Imagine a nuclear bomb powerful enough to generate a mushroom cloud seven times taller than Mount Everest. For those of you that like numbers, I’m talking something like 64 kilometers tall. Sounds absurd, right? Well it didn’t sound at all absurd to Soviet military strategists in the 1960’s. They detonated “Tsar Bomba” on October 30, 1961. You can read all about it at this very interesting Wikipedia article. I can’t resist quoting their description of the bomb:
The fireball touched the ground, reached nearly as high as the altitude of the release plane and was seen and felt almost 1,000 kilometres (620 mi) from ground zero. The heat from the explosion could have caused third degree burns 100 km (62 miles) away from ground zero. The subsequent mushroom cloud was about 64 kilometres (40 mi) high (nearly seven times the height of Mount Everest), which meant that the cloud was well inside the Mesosphere when it peaked. The base of the cloud was 40 kilometres (25 mi) wide. The explosion could be seen and felt in Finland, breaking windows there and in Sweden. Atmospheric focusing caused blast damage up to 1,000 kilometres (620 mi) away. The seismic shock created by the detonation was measurable even on its third passage around the Earth. Its seismic body wave magnitude was about 5 to 5.25. The energy yield was around 7.1 on the Richter scale but, since the bomb was detonated in air rather than underground, most of the energy was not converted to seismic waves.

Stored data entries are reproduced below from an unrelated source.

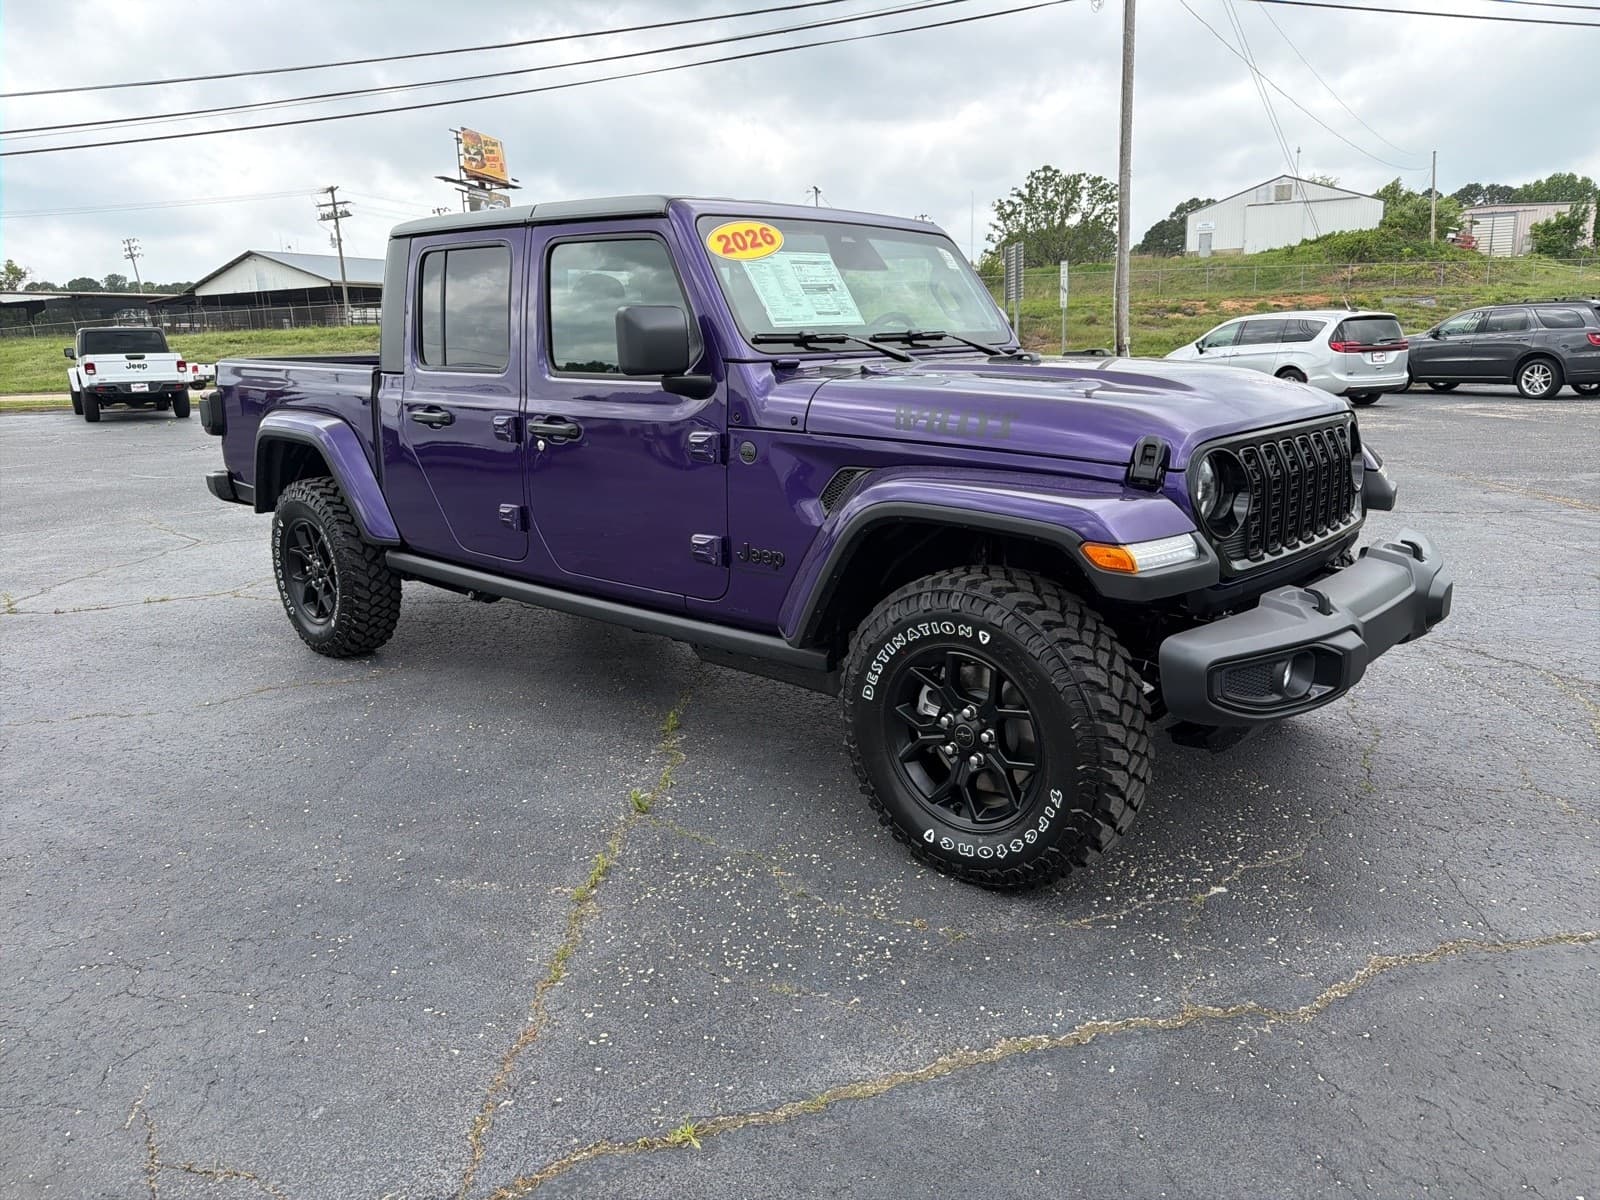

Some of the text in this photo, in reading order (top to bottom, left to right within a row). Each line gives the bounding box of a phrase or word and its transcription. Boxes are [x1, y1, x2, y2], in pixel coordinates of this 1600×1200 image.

[716, 226, 777, 255] 2026
[125, 362, 148, 370] Jeep
[736, 542, 785, 571] Jeep
[862, 621, 973, 701] DESTINATION
[939, 788, 1063, 859] Firestone

For those of you that are more visually inclined, you can even watch the damn thing go off here:
The test took place in the arctic on Novaya Zemlya island, which has a population of polar bears. I can’t help wondering how many bears were senselessly killed during this test. Unfortunately I couldn’t find any sort of statistics on “average polar bear density” on Novaya Zemlya island, so I couldn’t approximate how many bears might have died in this catastrophe… hopefully the Russians took measures to chase wildlife away.